> Your assignment
Pictures aside, please retype the whole listing word for word.

> Source data
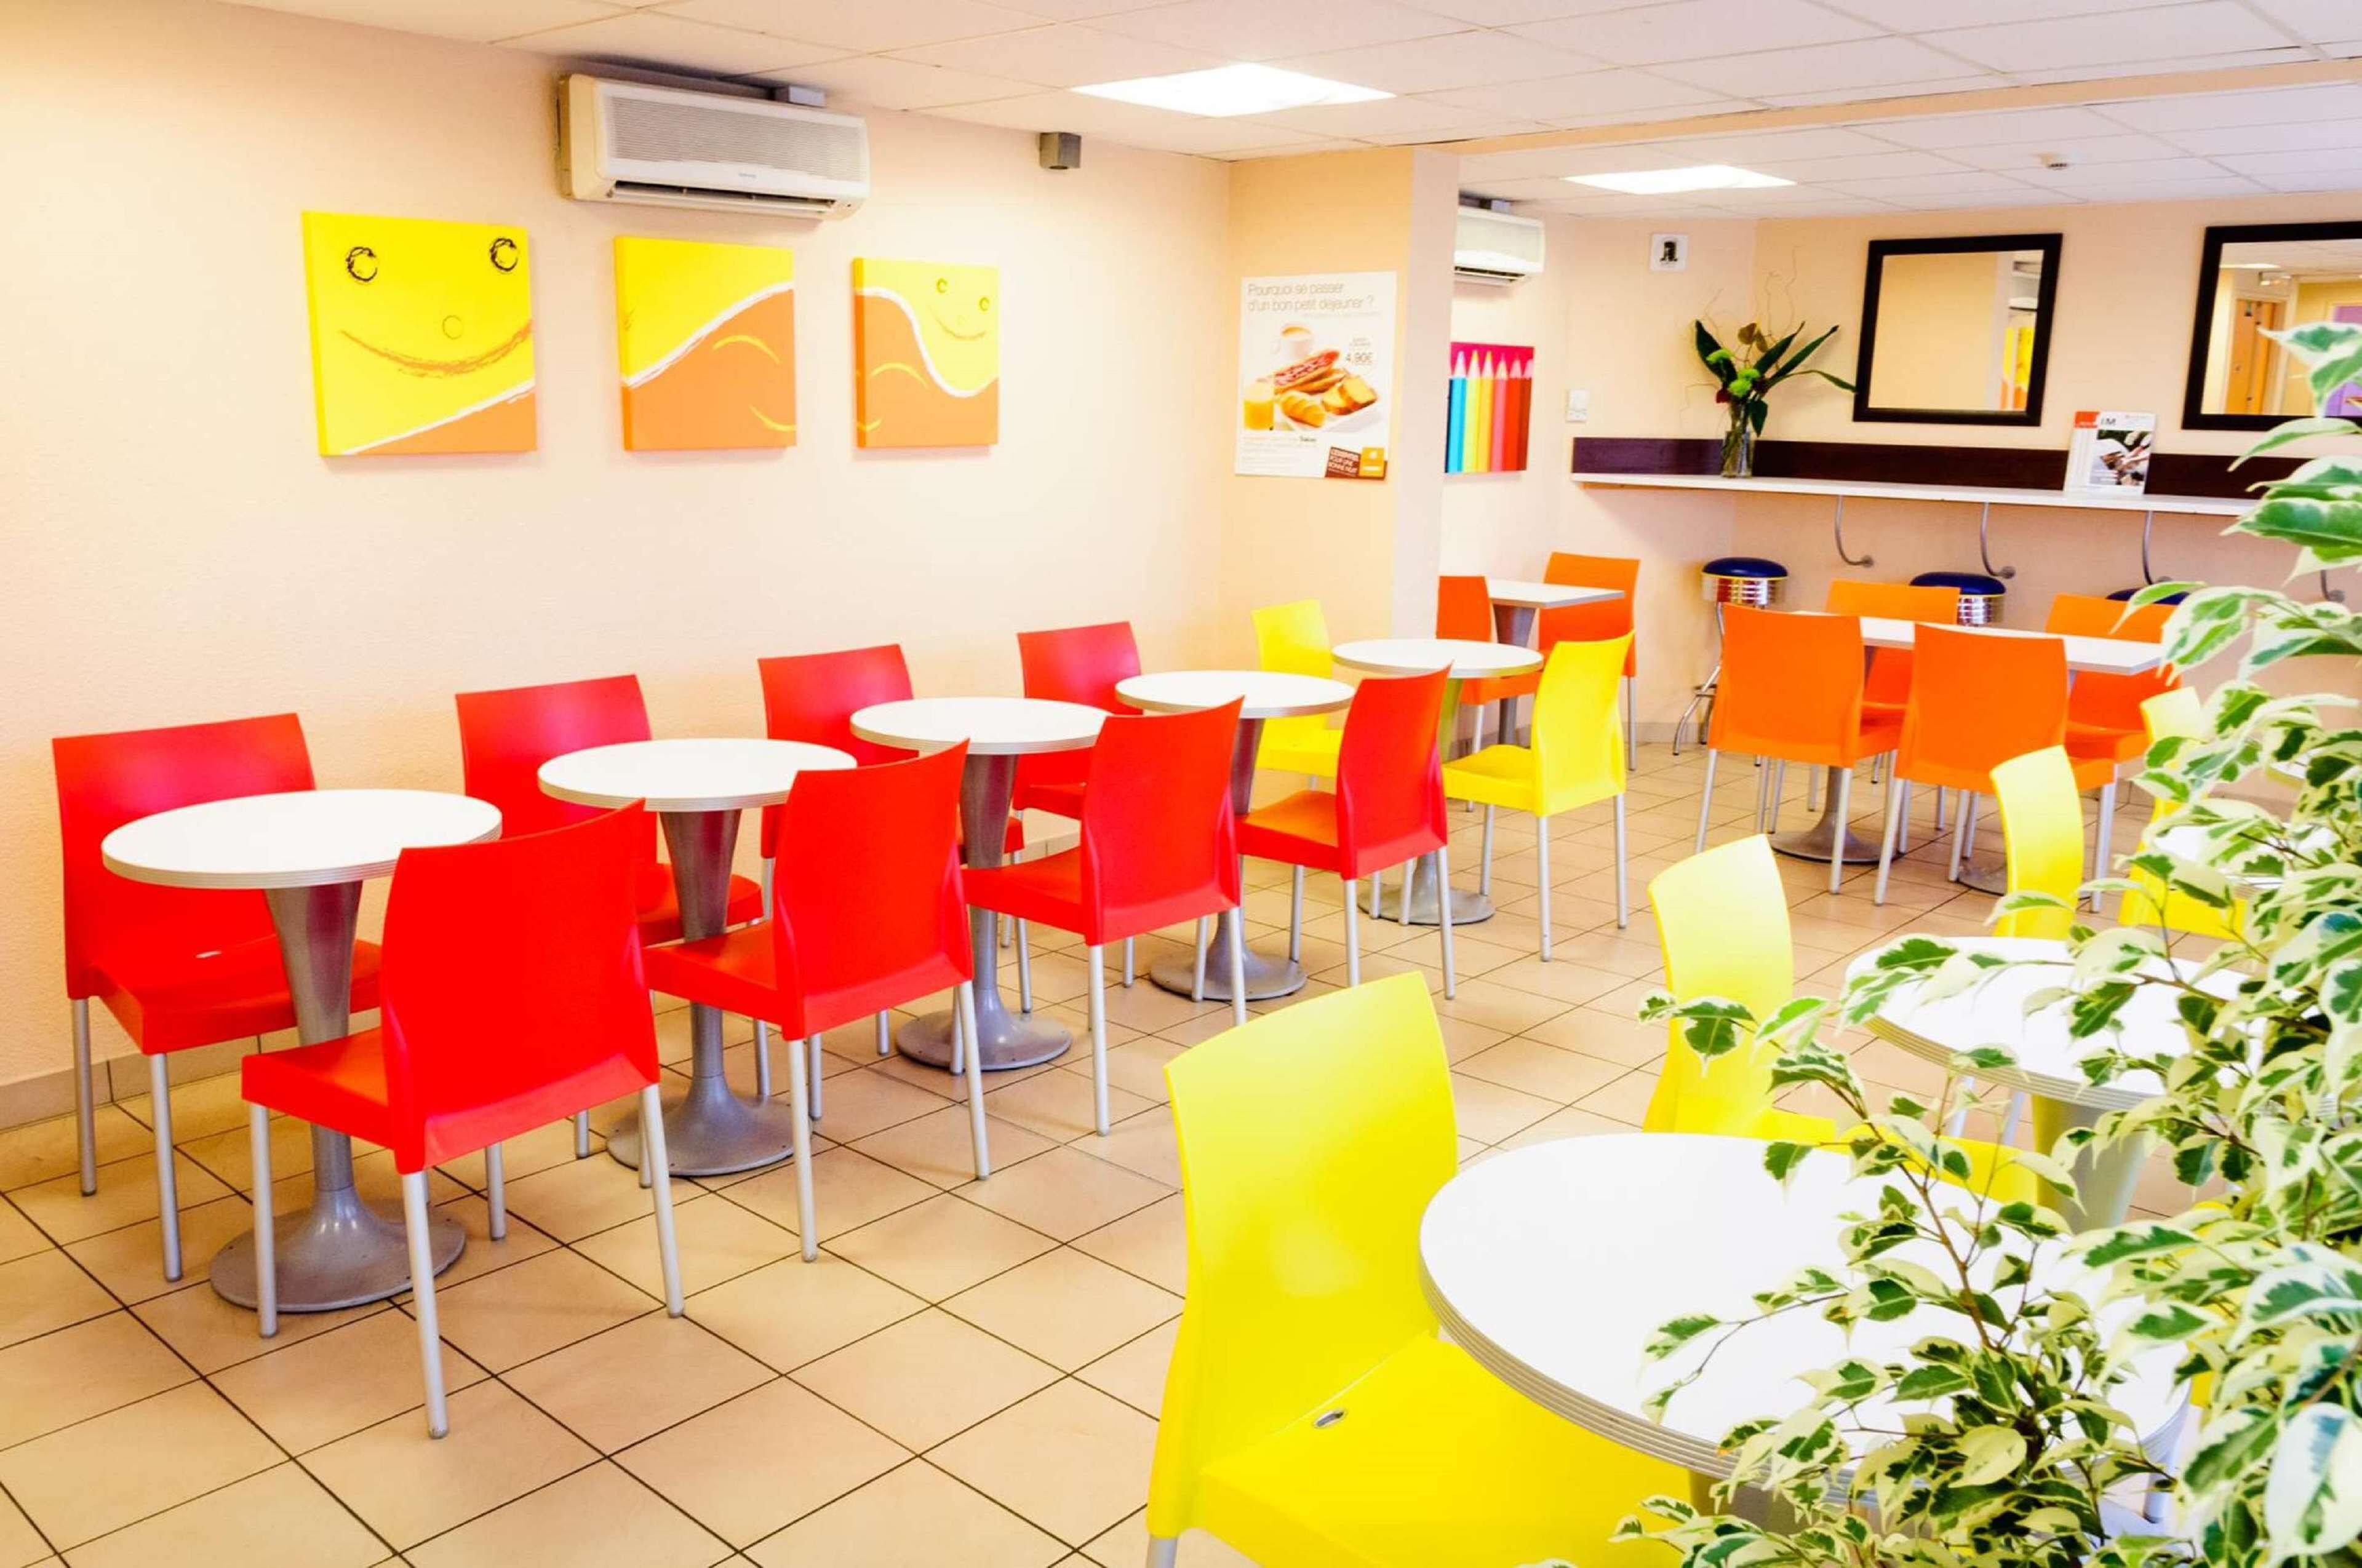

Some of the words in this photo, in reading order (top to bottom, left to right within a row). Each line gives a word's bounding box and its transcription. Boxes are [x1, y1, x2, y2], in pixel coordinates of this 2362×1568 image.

[1247, 284, 1292, 296] Pourquoi
[1295, 284, 1307, 294] se
[1309, 283, 1344, 294] passer
[1247, 299, 1270, 311] d'un
[1272, 299, 1292, 311] bon
[1295, 298, 1316, 312] petit
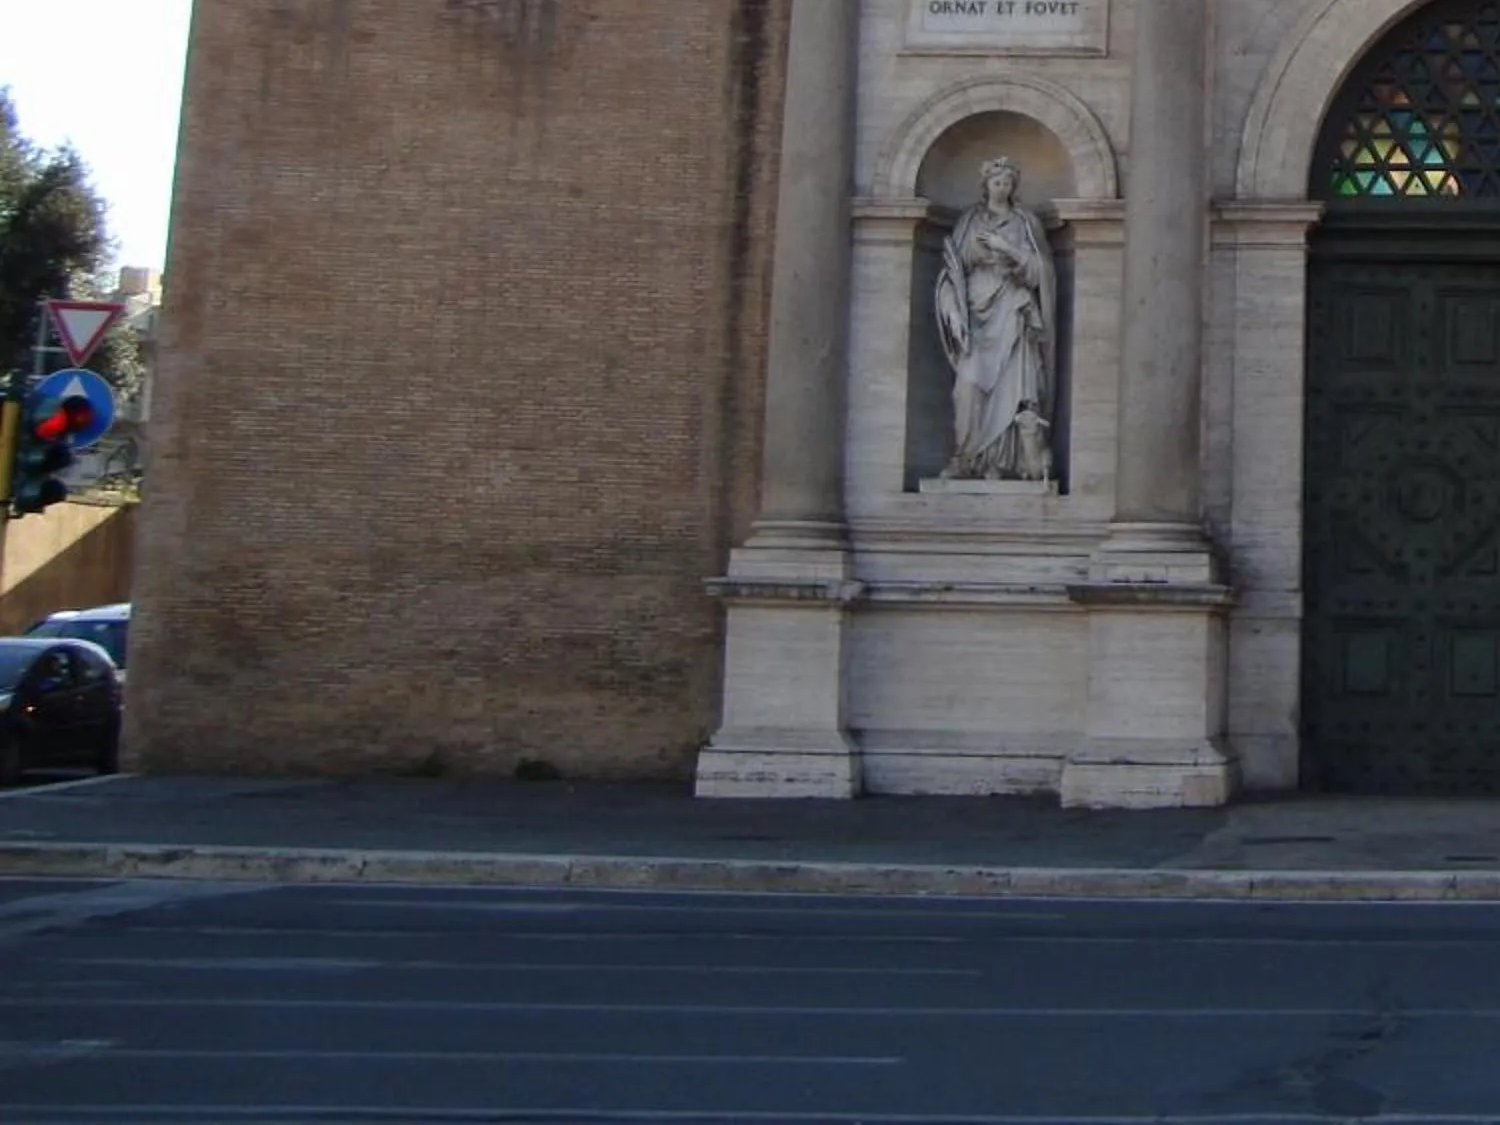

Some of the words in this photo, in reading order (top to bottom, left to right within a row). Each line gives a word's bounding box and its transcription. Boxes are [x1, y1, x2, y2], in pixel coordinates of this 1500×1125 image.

> Answer
Some of the words in this photo, in reading order (top to bottom, left to right within a row). Each line gives a word's bounding box and its transcription. Boxes are [x1, y1, x2, y2], in pixel coordinates of this 2362×1568 image.

[1247, 284, 1292, 296] Pourquoi
[1295, 284, 1307, 294] se
[1309, 283, 1344, 294] passer
[1247, 299, 1270, 311] d'un
[1272, 299, 1292, 311] bon
[1295, 298, 1316, 312] petit

Some of the words in this photo, in reading order (top to bottom, left to right within a row). Each line gives a word's bounding box and its transcription. Boxes are [x1, y1, x2, y2], in pixel coordinates of this 1500×1125 image.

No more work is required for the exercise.